Only the pictures are to be dropped, and the rest of the data should be copied exactly.

== The data ==
************

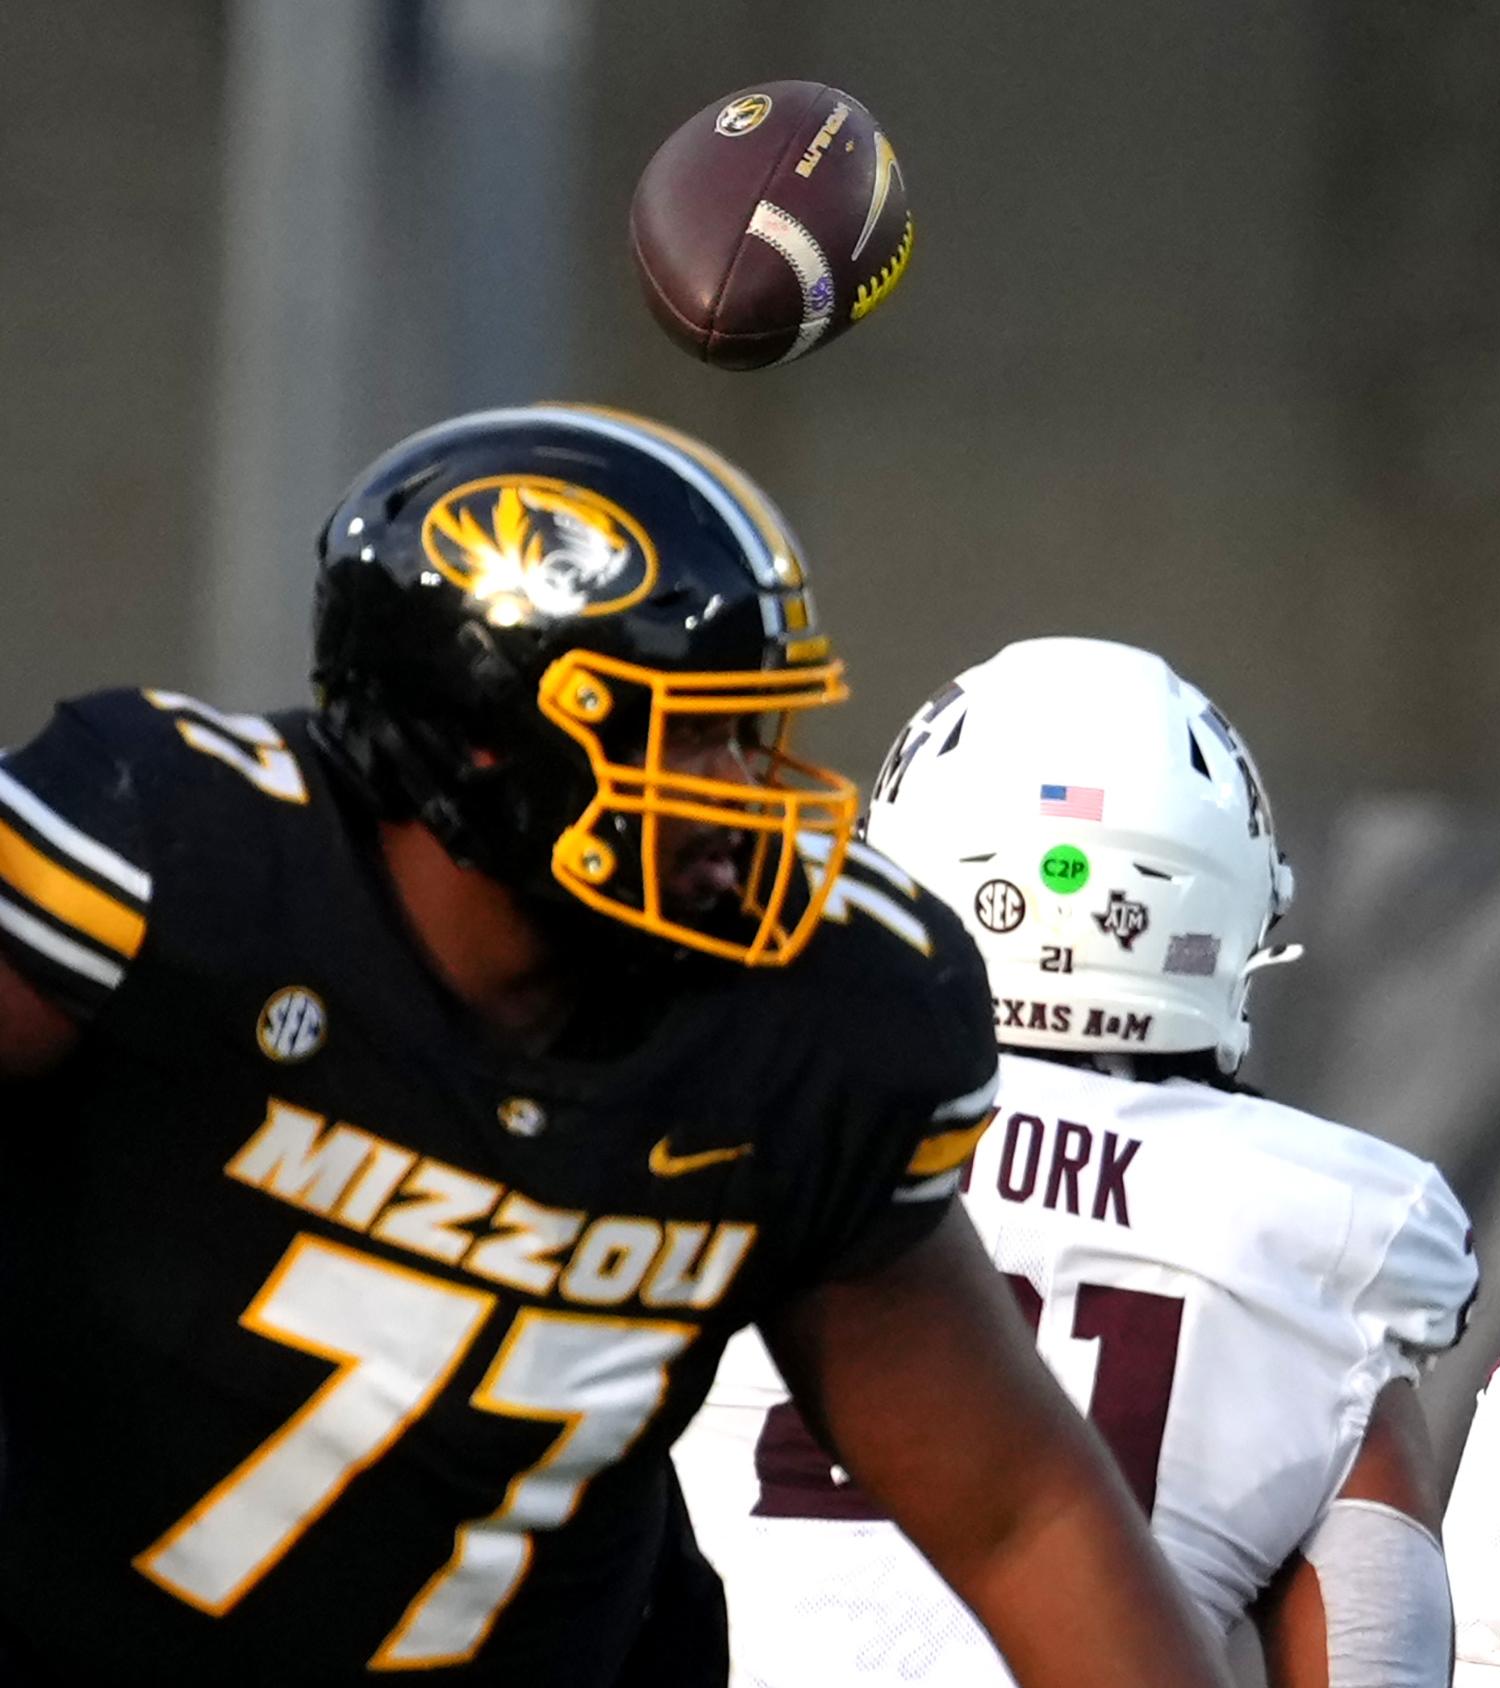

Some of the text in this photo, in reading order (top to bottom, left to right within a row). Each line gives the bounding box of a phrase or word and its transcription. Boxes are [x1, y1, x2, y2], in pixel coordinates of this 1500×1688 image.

[1042, 858, 1086, 879] C2P
[977, 881, 1023, 933] SEC
[1039, 945, 1074, 975] 21
[260, 987, 324, 1057] SEC
[223, 1097, 758, 1310] MIZZOU
[131, 1231, 700, 1672] 77
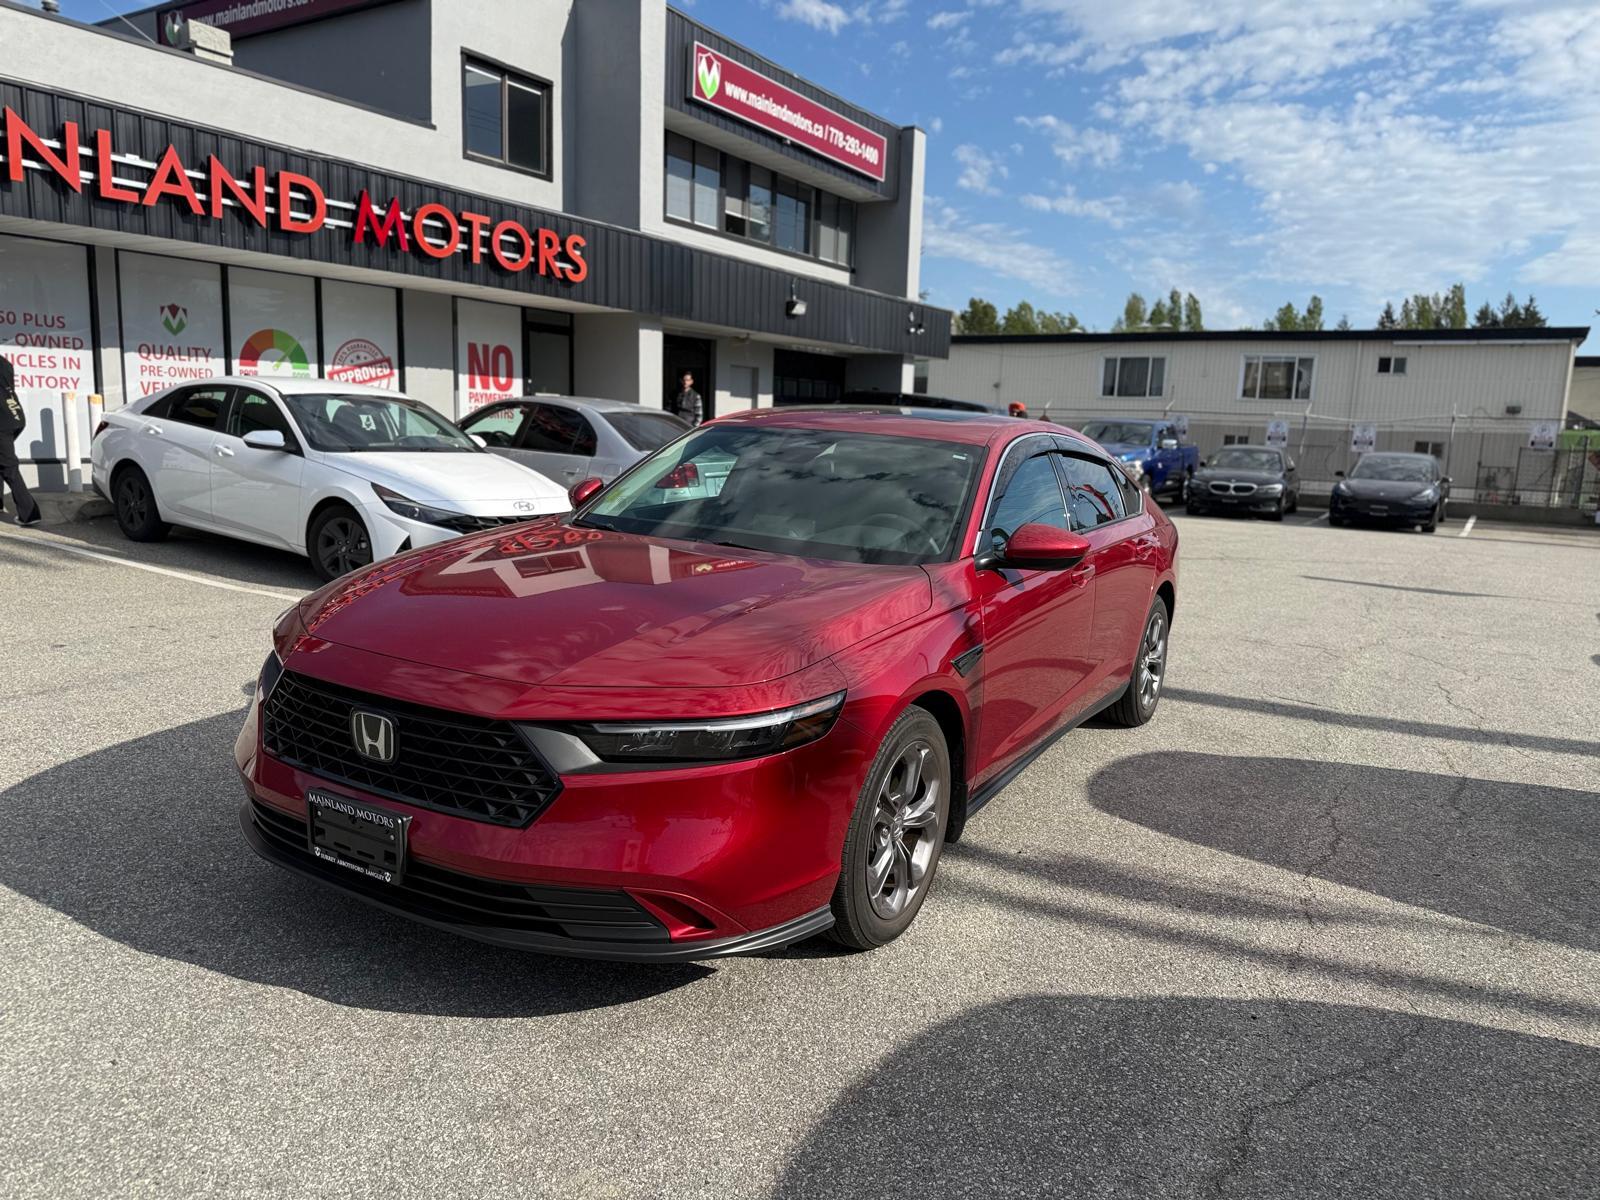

************

== Response box ==
Some of the text in this photo, in reading order (top to bottom, left to right within a row). Each line gives the bounding box of a phrase or word and its transcription. Boxes are [x1, y1, x2, y2], in pixel coordinates of this 1500×1688 image.

[1042, 858, 1086, 879] C2P
[977, 881, 1023, 933] SEC
[1039, 945, 1074, 975] 21
[260, 987, 324, 1057] SEC
[223, 1097, 758, 1310] MIZZOU
[131, 1231, 700, 1672] 77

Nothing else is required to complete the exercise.